All in the al Qaeda family

It is amazing, isn't it? All those baddies popping up around the globe are all al Qaeda, if not directly, then related somehow. And every blundering, blunderbuss move the US military launches initially has exterminated al Qaeda agents or those so inclined. Or so we are told. From Somali goatherds, to Afghan wedding parties, to buffoons in London with cars full of gasoline, literally everyone is al Qaeda when they're caught doing something that only evil-doers do or when they're blown up by US forces. Especially when they're blown up by US forces. But what is often the common thread, a thread in direct conflict with initial, official and incessantly repeated claims of al Qaeda connections, is that days or even hours later, not only will we learn that there was no evidence of an al Qaeda connection or, even more disastrously, those eliminated weren't even baddies. Which, in their eyes, makes US forces the baddies. And objectively, it is impossible to argue against that. Saying the we "mean well" is hardly persuasive to those whose families have been shredded by American bombs.

And so it is with the latest exposure that an attack originally claimed by the US military to have targeted al Qaeda suspects in the town of Khalis is now appearing to be something less than advertised. Seventeen "al Qaeda gunmen" were killed by a US helicopter attack, was the official word. Indeed, seventeen people were killed, but that is where the accuracy of US official claims ends.
The U.S. military is investigating the killings of 17 people in a U.S. helicopter attack north of Baghdad a week ago, after residents of the area complained that the victims were not fighters from the group al-Qaeda in Iraq, as the military originally claimed, but members of a village guard force and ordinary citizens.

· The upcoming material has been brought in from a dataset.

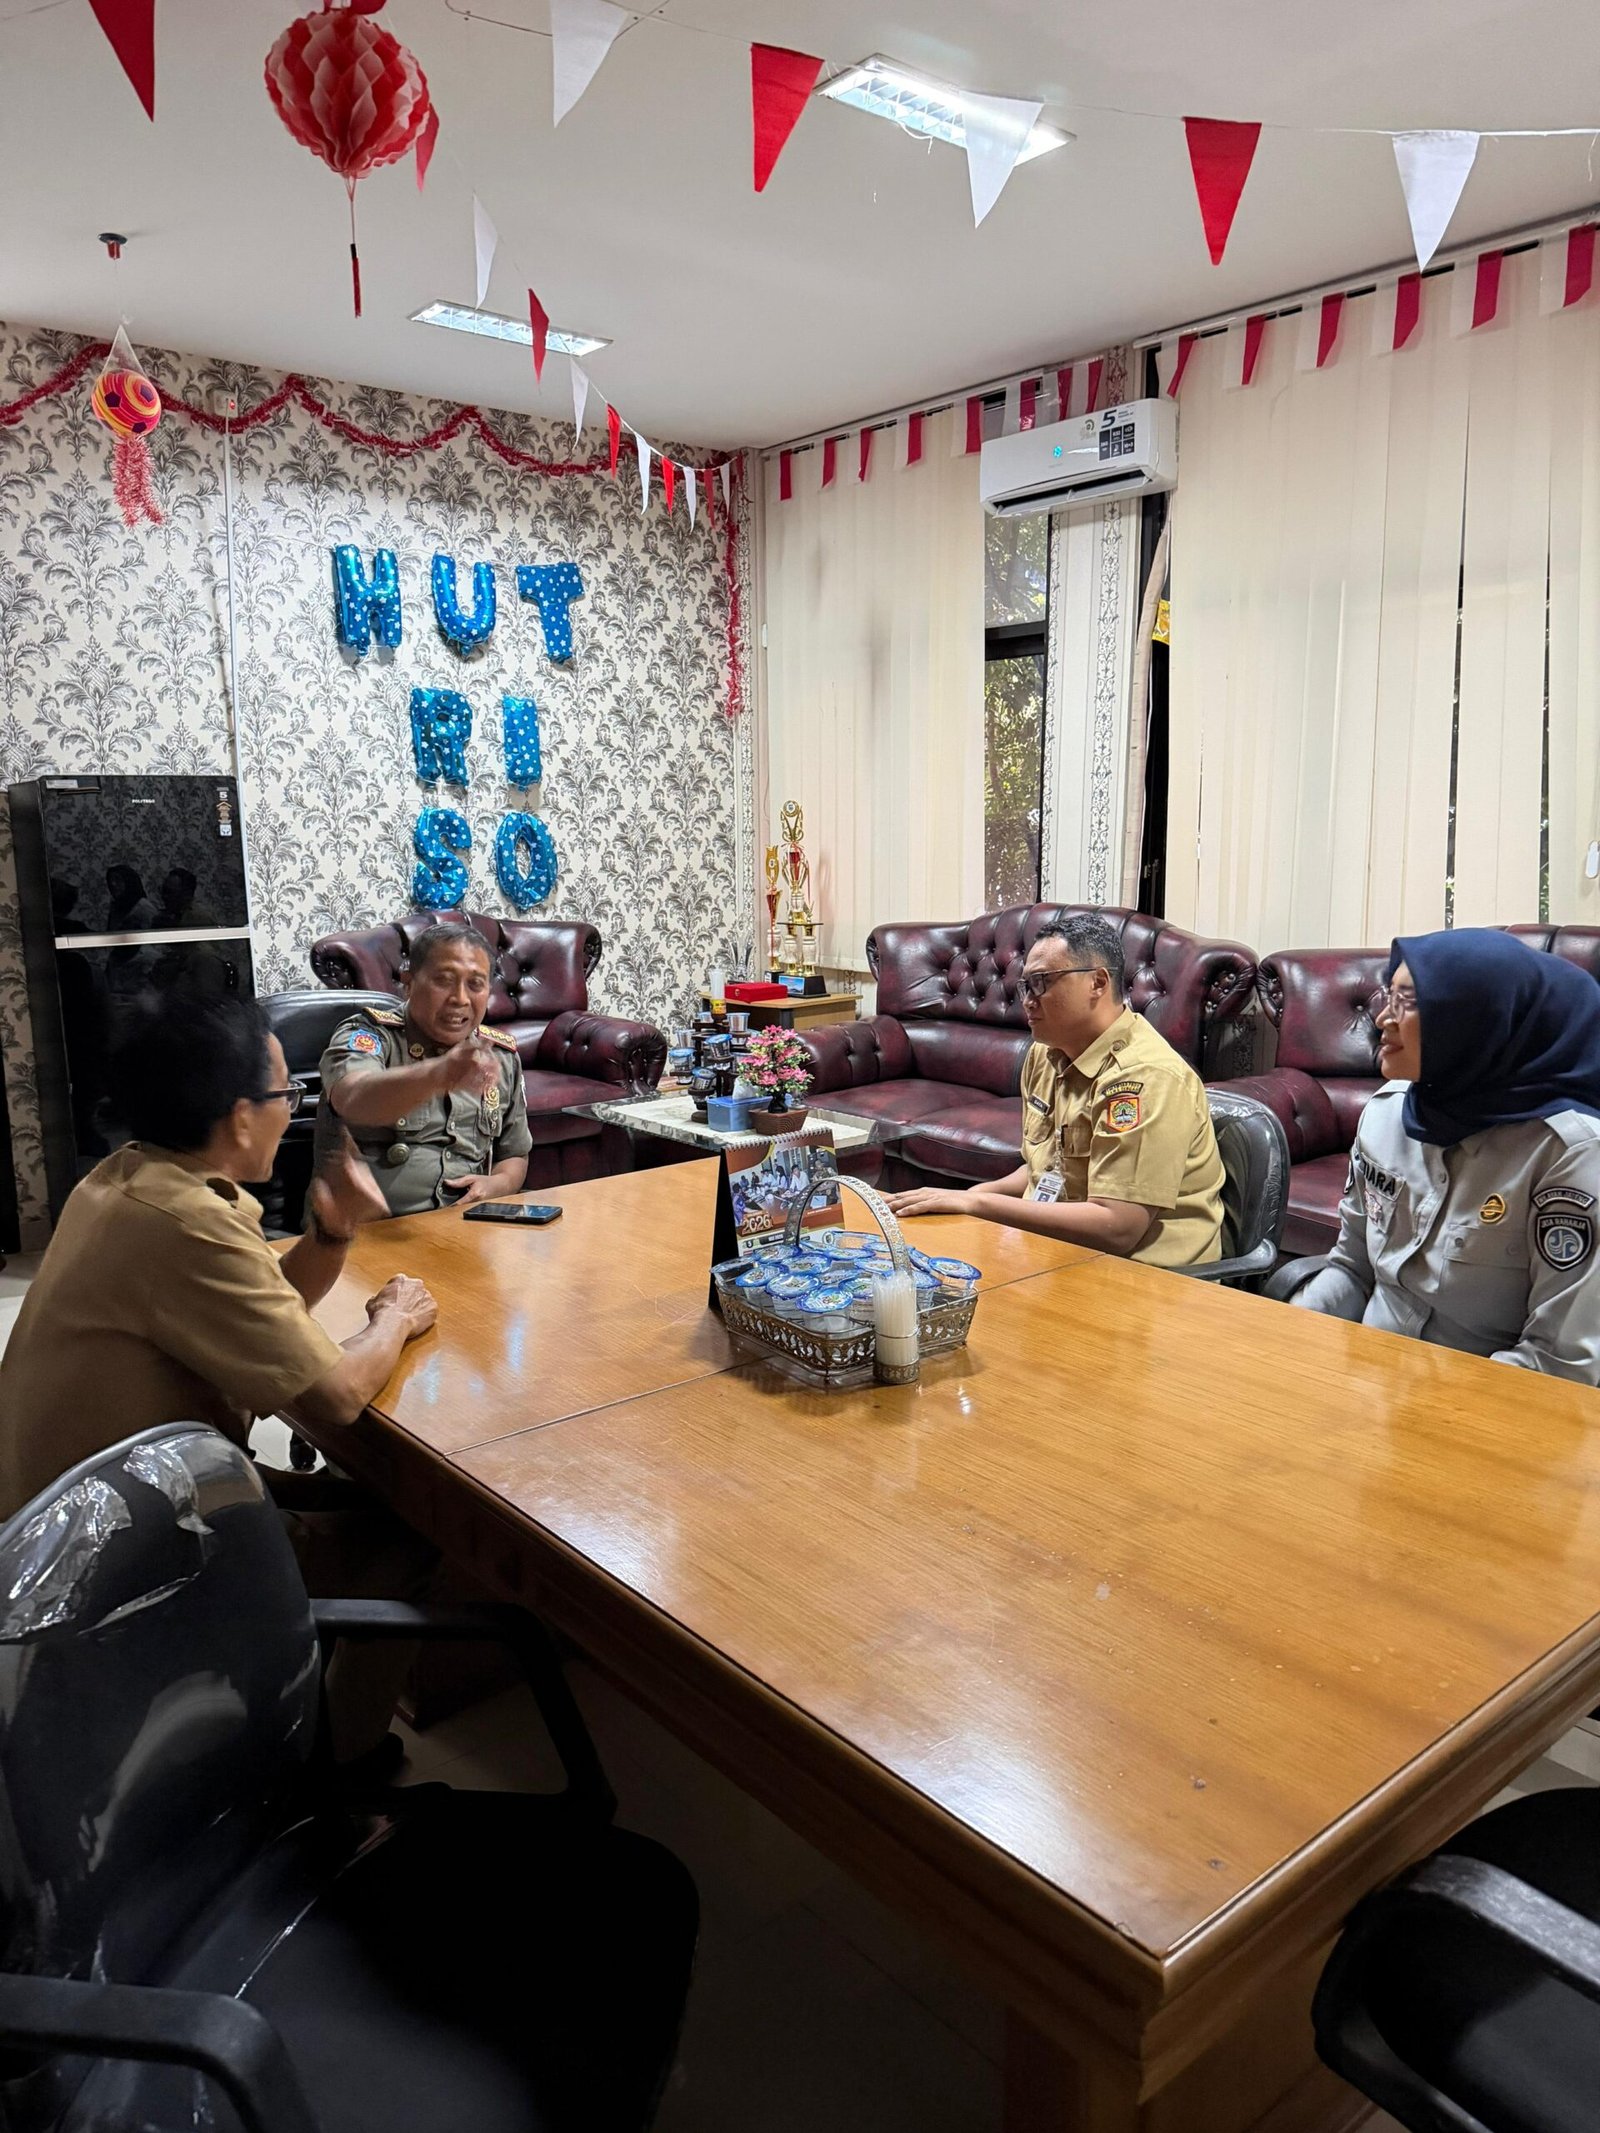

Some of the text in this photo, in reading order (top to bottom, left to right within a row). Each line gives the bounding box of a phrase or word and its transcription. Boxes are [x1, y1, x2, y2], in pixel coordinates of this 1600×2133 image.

A U.S. military spokesman, Lt. Col. Christopher C. Garver, said the June 22 incident in Khalis, about 30 miles north of Baghdad, was under investigation "because of discussions with locals who say it didn't happen as we reported it." The attack occurred in the opening days of Operation Arrowhead Ripper, an offensive against al-Qaeda in Iraq that is centered on Baqubah, about 10 miles southeast of Khalis.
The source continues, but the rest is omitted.